==== Records shown

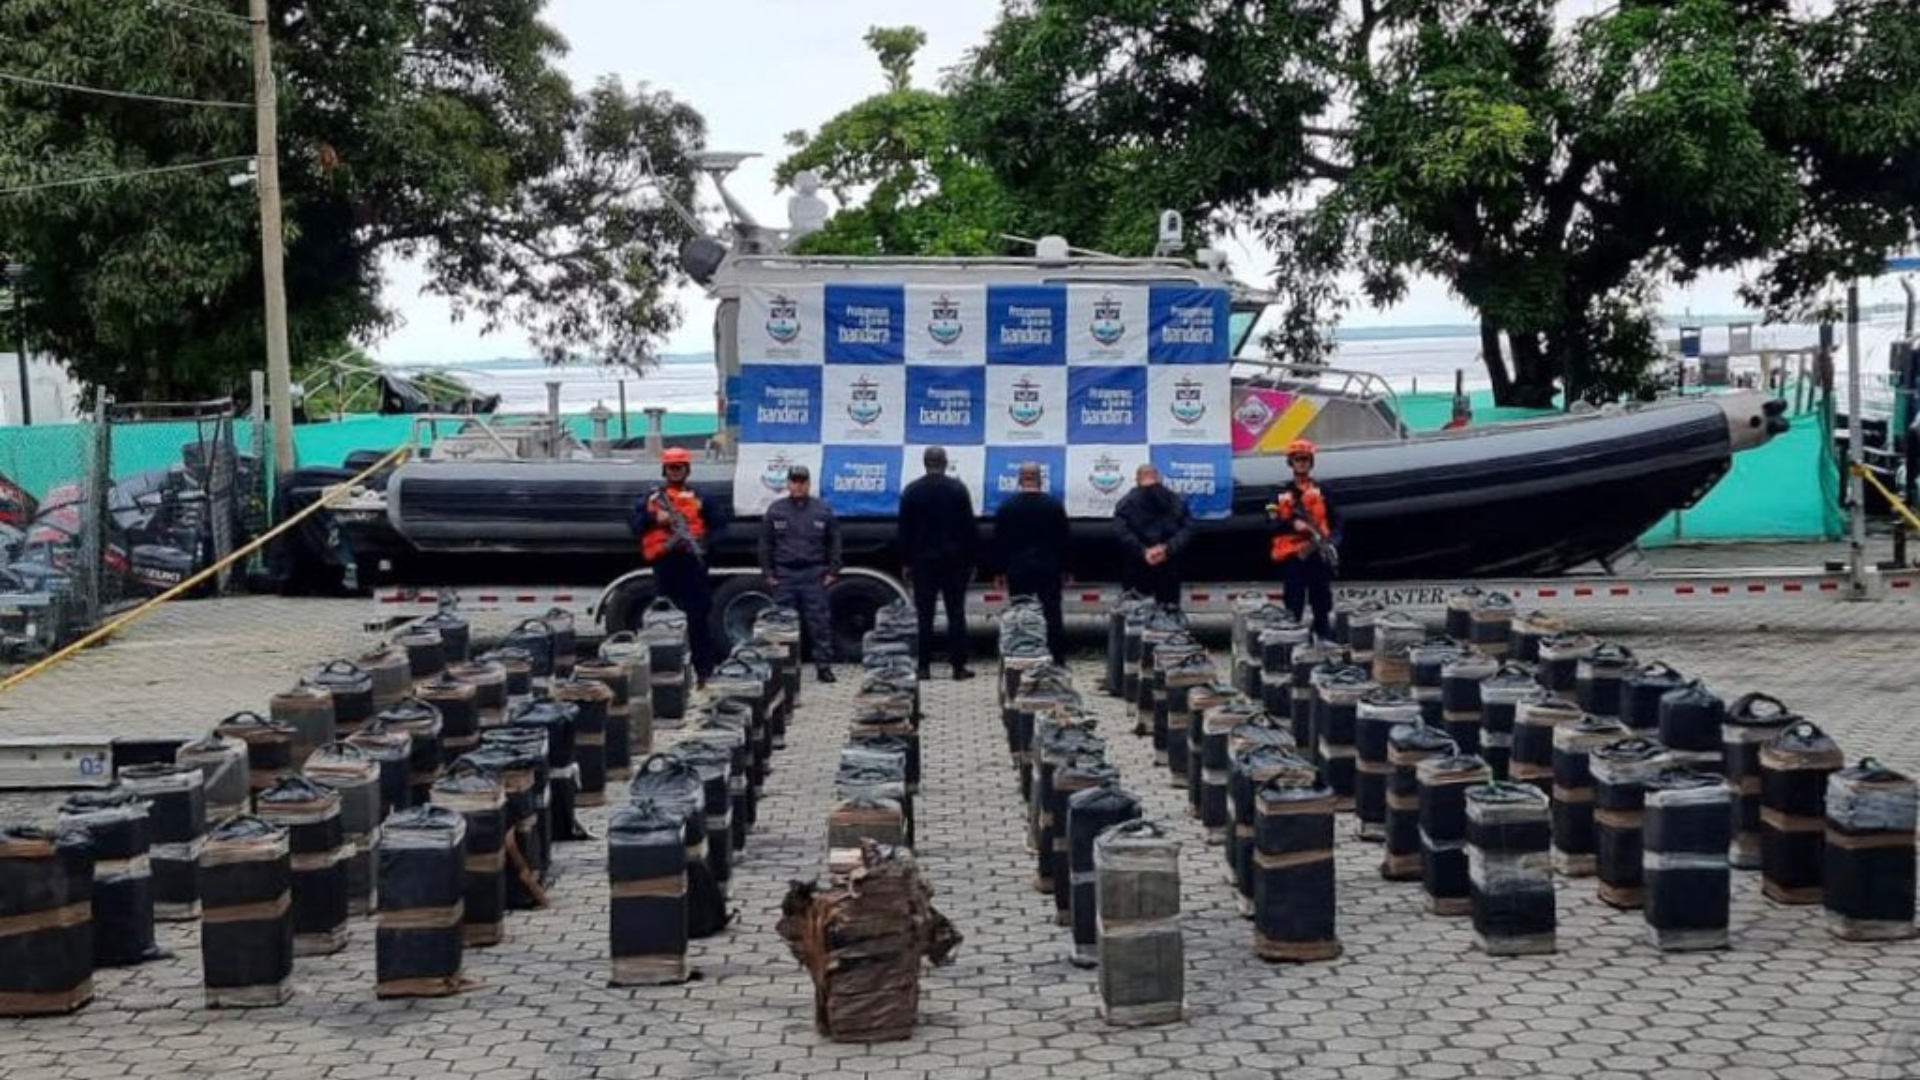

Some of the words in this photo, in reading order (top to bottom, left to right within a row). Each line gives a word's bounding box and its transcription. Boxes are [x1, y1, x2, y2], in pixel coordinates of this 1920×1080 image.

[838, 325, 890, 343] bandera
[1000, 325, 1052, 344] bandera
[1162, 325, 1214, 344] bandera
[757, 404, 809, 423] bandera
[920, 406, 970, 426] bandera
[1081, 405, 1133, 425] bandera
[834, 473, 886, 492] bandera
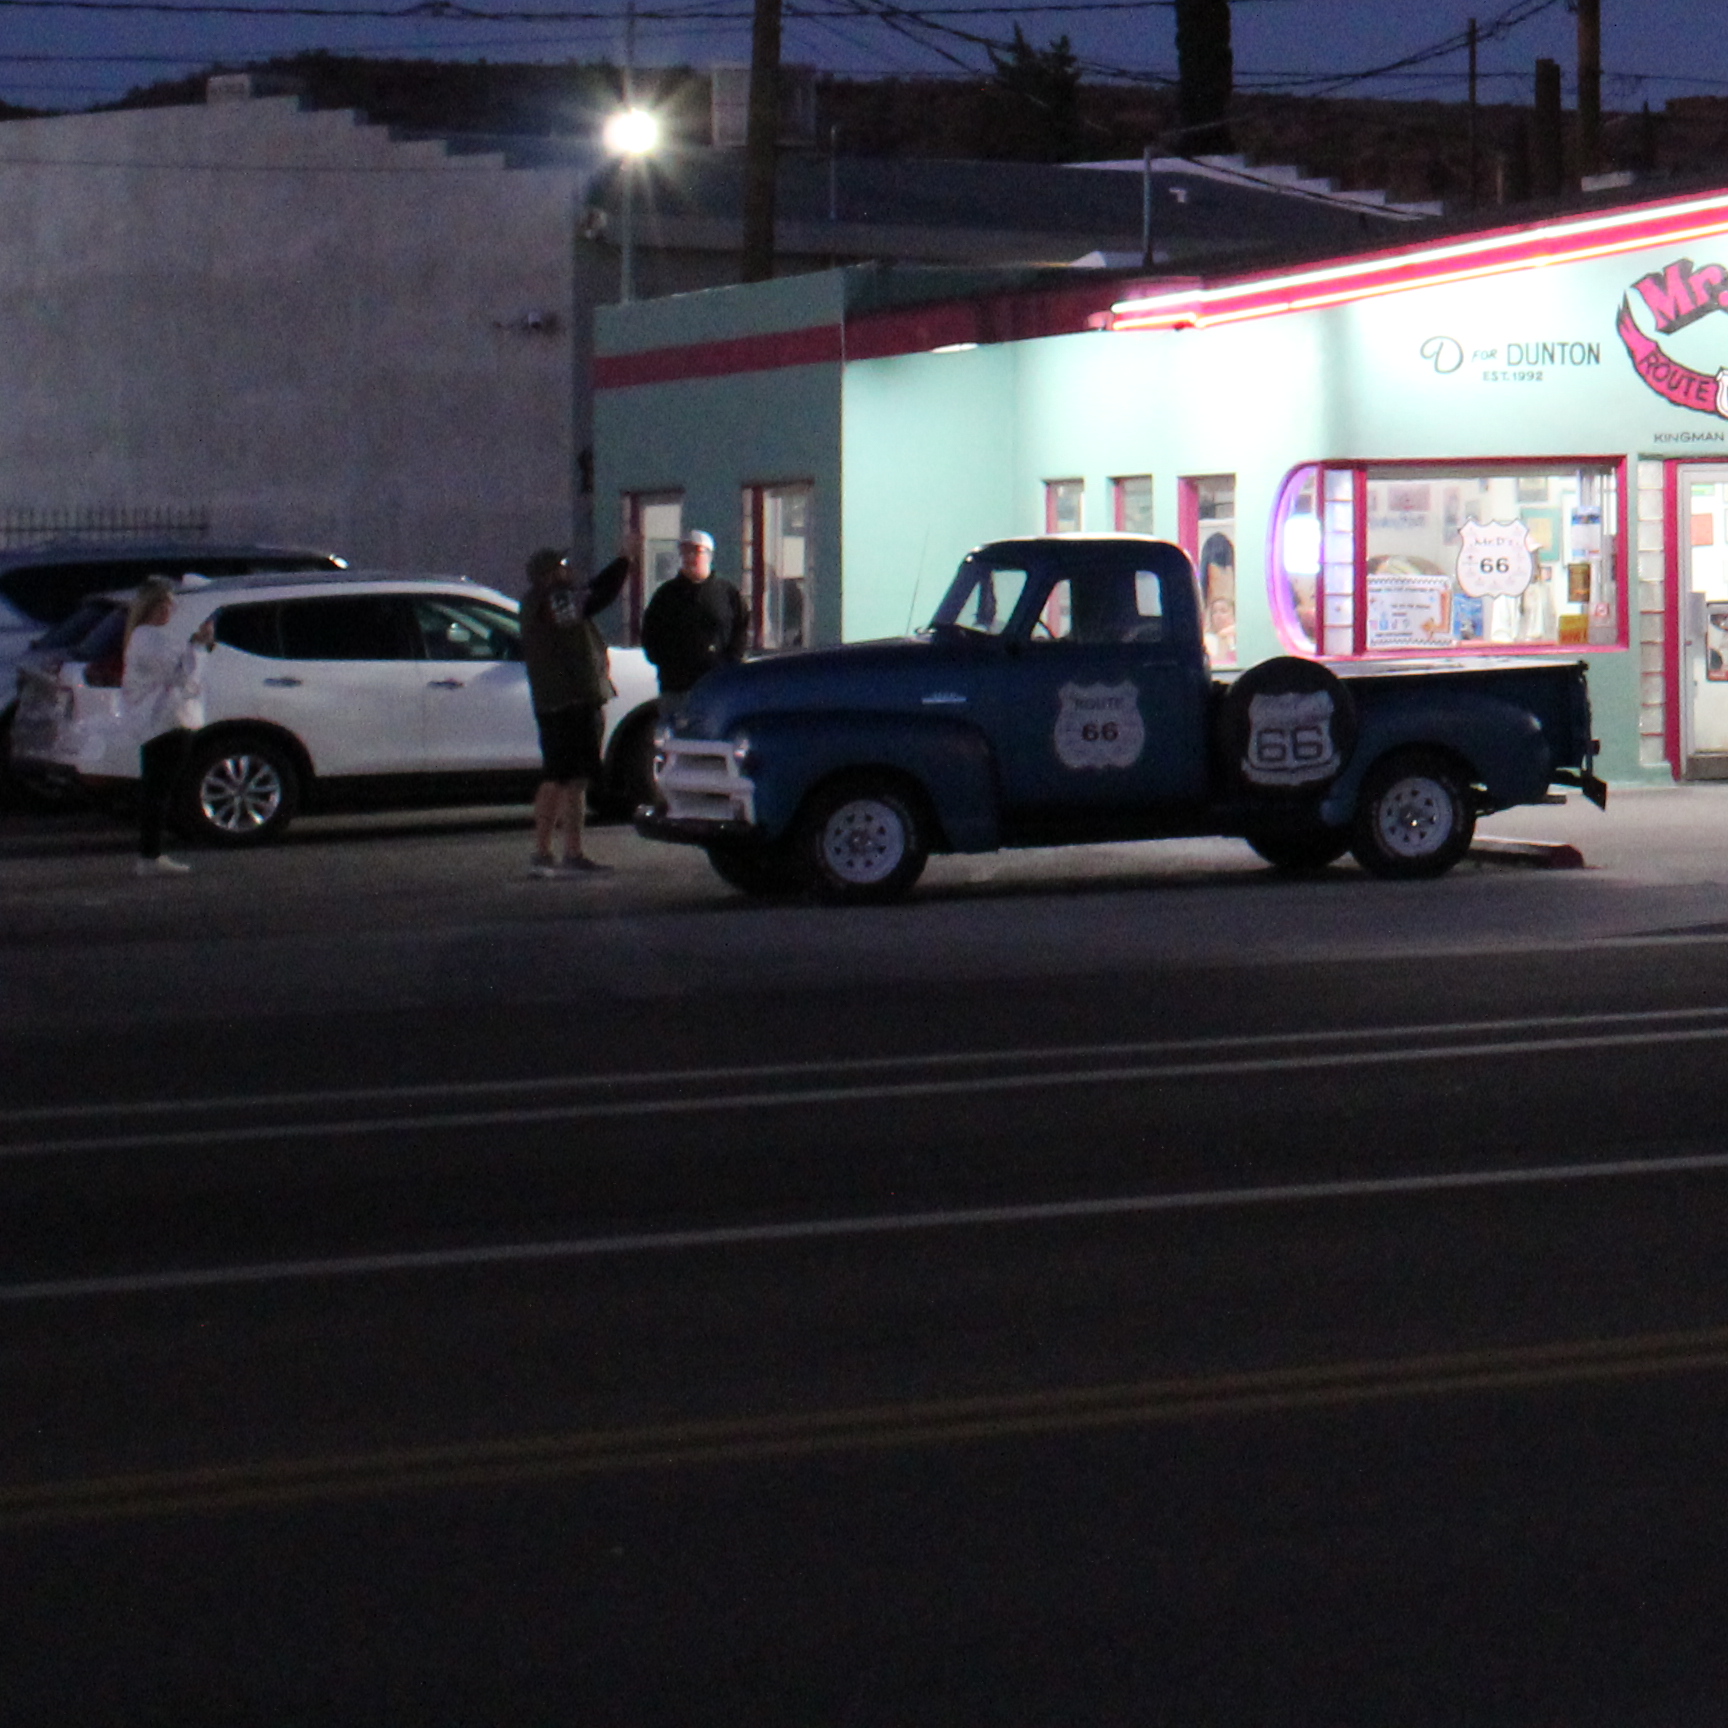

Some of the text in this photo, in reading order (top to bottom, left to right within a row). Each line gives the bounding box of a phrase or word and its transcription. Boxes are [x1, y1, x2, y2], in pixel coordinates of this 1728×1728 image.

[1420, 335, 1601, 374] D FOR DUNTON
[1638, 351, 1711, 403] ROUTE
[1654, 431, 1725, 443] KINGMAN
[1479, 556, 1509, 574] 66
[1081, 721, 1120, 743] 66
[1256, 725, 1325, 762] 66
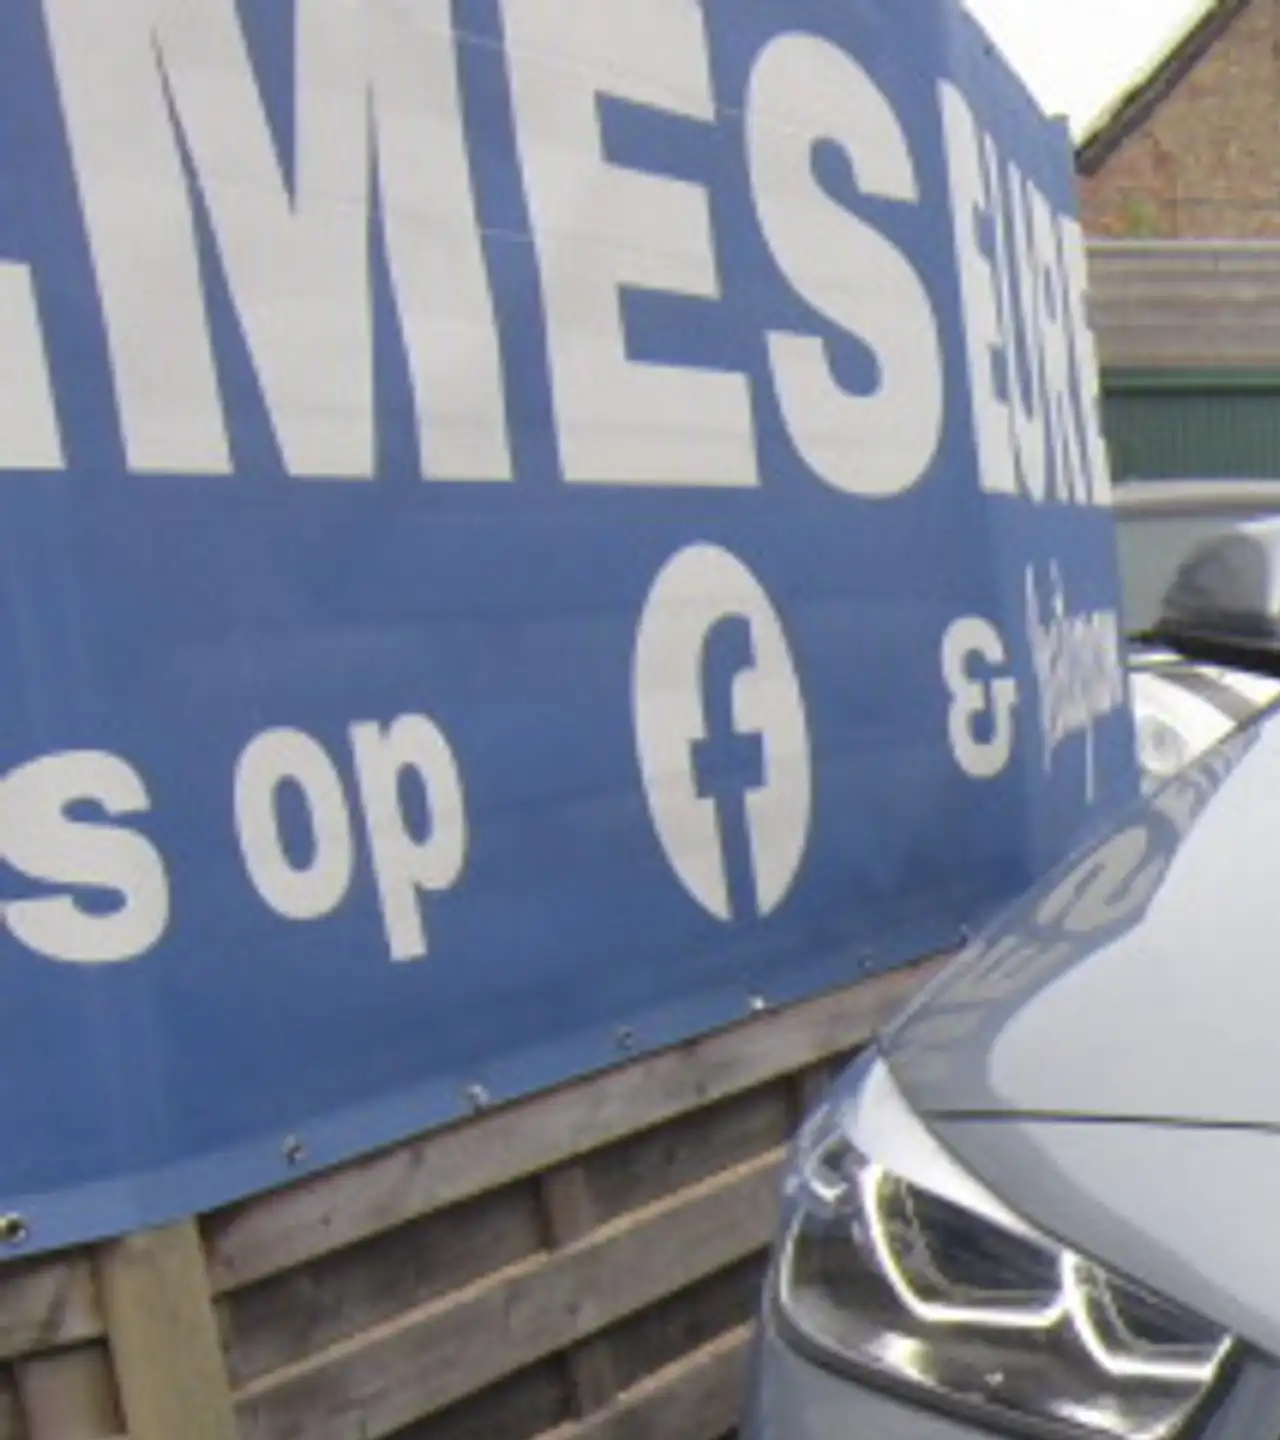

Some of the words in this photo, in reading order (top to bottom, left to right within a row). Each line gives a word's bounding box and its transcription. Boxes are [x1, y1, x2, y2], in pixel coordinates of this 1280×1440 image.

[0, 0, 944, 499] MES
[233, 712, 469, 961] op
[940, 614, 1019, 779] &

========

Exercise aim: Look for the line that contains "this 1280×1440 image." in the entries above. Set it down, along with all later lines, exactly as written.

Answer space:
Some of the words in this photo, in reading order (top to bottom, left to right within a row). Each line gives a word's bounding box and its transcription. Boxes are [x1, y1, x2, y2], in pixel coordinates of this 1280×1440 image.

[0, 0, 944, 499] MES
[233, 712, 469, 961] op
[940, 614, 1019, 779] &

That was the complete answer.